Jae-hee begins to adapt with the school and her schoolmates, gradually gaining Tae-joon's favor and of the entire Dormitory 2 when she won in a marathon match. A confused Eun-gyeol begins to doubt his sexuality when he begins to feel attracted to Jae-hee, not knowing she is a girl. Tae-joon, who already have hints on Jae-hee's real gender, saves her from being raped during a trip at Seung-ri's place.

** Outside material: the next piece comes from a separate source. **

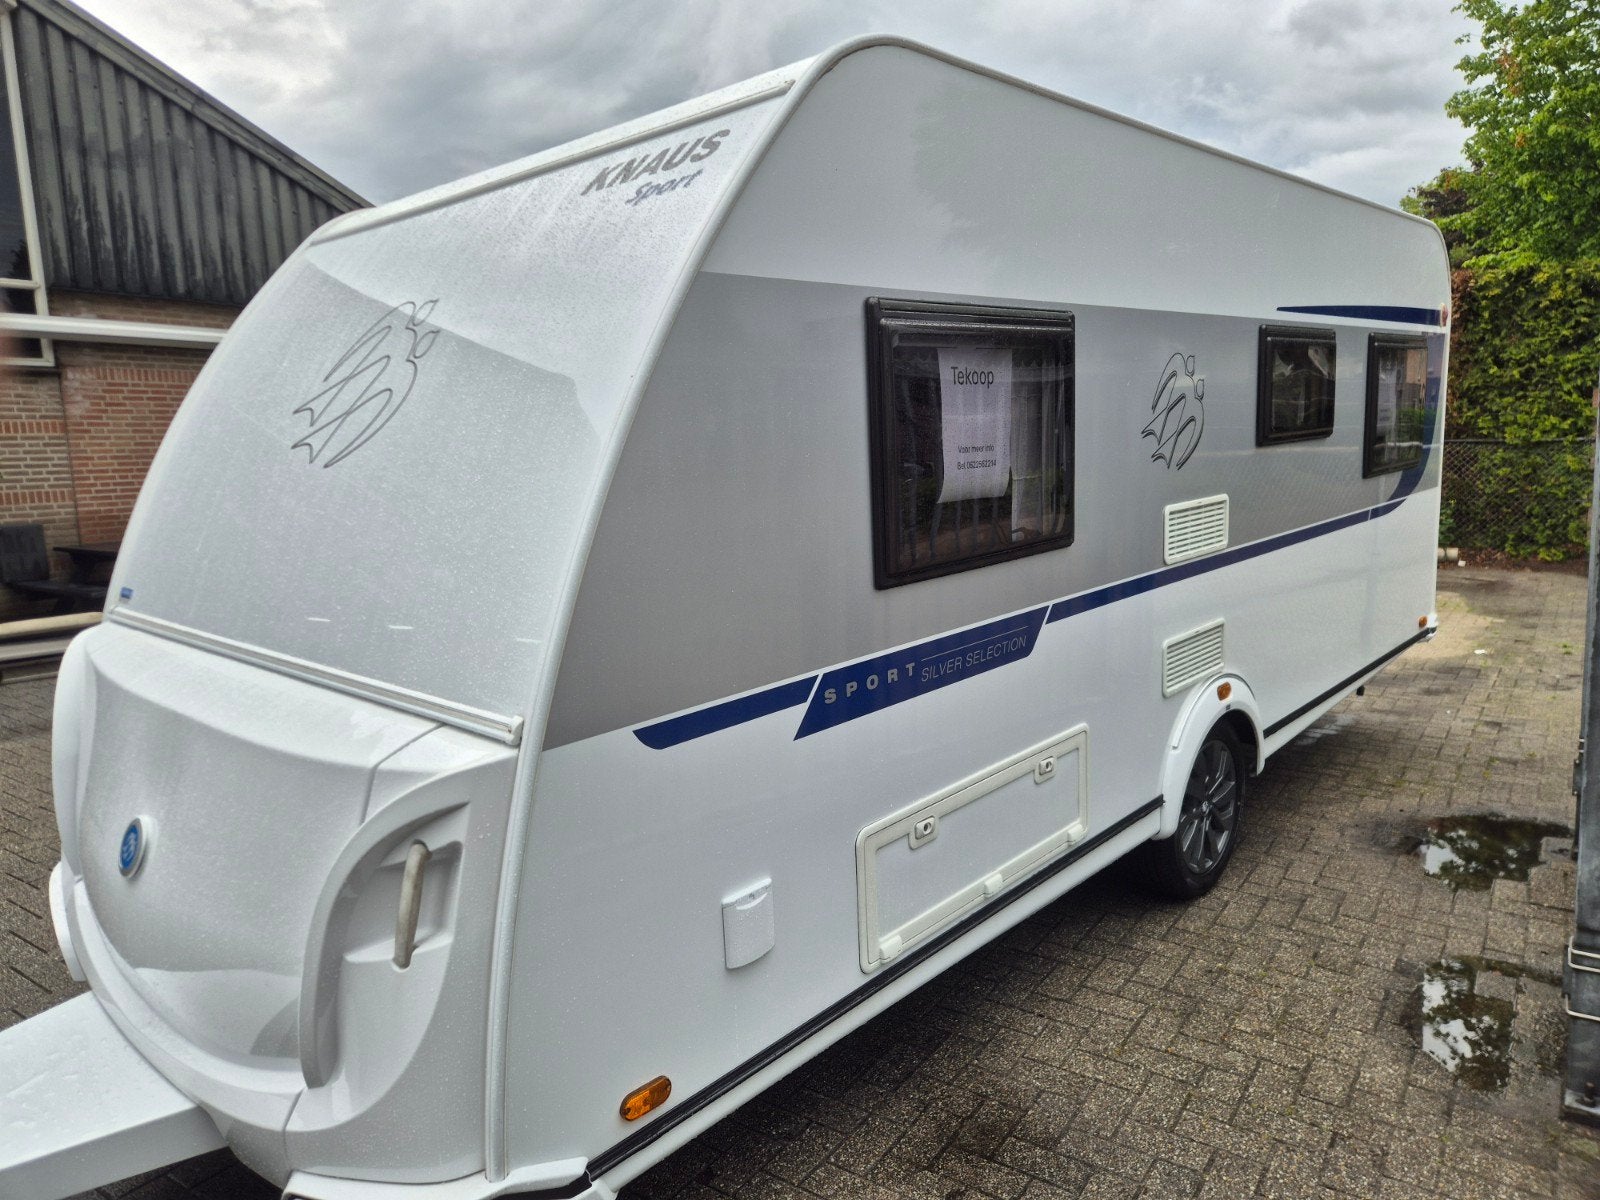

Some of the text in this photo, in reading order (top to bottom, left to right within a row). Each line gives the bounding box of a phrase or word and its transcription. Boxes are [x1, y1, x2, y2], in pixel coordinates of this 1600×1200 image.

[580, 128, 731, 196] KNAUS
[951, 366, 994, 389] Tekoop
[958, 444, 995, 453] Voor meer info
[824, 635, 1027, 704] SPORT SILVER SELECTION

When Jae-hee's older half-brother, Daniel Dawson (Julien Kang), comes to Korea, he finds out what his little sister is doing. Daniel soon decides to make Jae-hee leave the school. Jae-hee and Daniel argue in her and Tae-joon's room, and Tae-joon overhears their conversation, and discovers Jae-hee's secret. Tae-joon sends her out, but he later appreciates her candid efforts in helping him in his athletic career when he discovers a video email that she sent to Canadian high jump coach Mr. Holten, which also contains a brief narration of Jae-hee's bitter life in America and her anticipation to see Tae-joon jump again. Tae-joon pleads Jae-hee not to leave him behind. Teacher Jang, then, convinces Daniel Dawson to trust Jae-hee and to let her stay in Genie High School.

Episodes 6–11 
Fueled by the inspiration Jae-hee brought upon him, Tae-joon struggles to recover from his nearly lost career in high-jumping. With Jae-hee's constant support, Tae-joon's cold personality changes and he starts to develop feelings for her, despite negative reactions from his childhood friend, renowned gymnast Seol Han-na (Kim Ji-won), who anticipates having Tae-joon as her boyfriend. On the other hand, Eun-gyeol has rejected the love offered to him by his childhood friend Hong Da-hae (Nam Ji-hyun) and insists on affirming his love for Jae-hee. As they become closer to each other, Tae-joon reveals to Jae-hee about the death of his mother, which he blames on his father's indifference. The competition over who takes Jae-hee intensifies as her childhood friend and suitor John Kim arrives from America for a photo project in Korea. John Kim (Kim Woo-bin) attempts to talk Tae-joon down, but Jae-hee personally rejects his love.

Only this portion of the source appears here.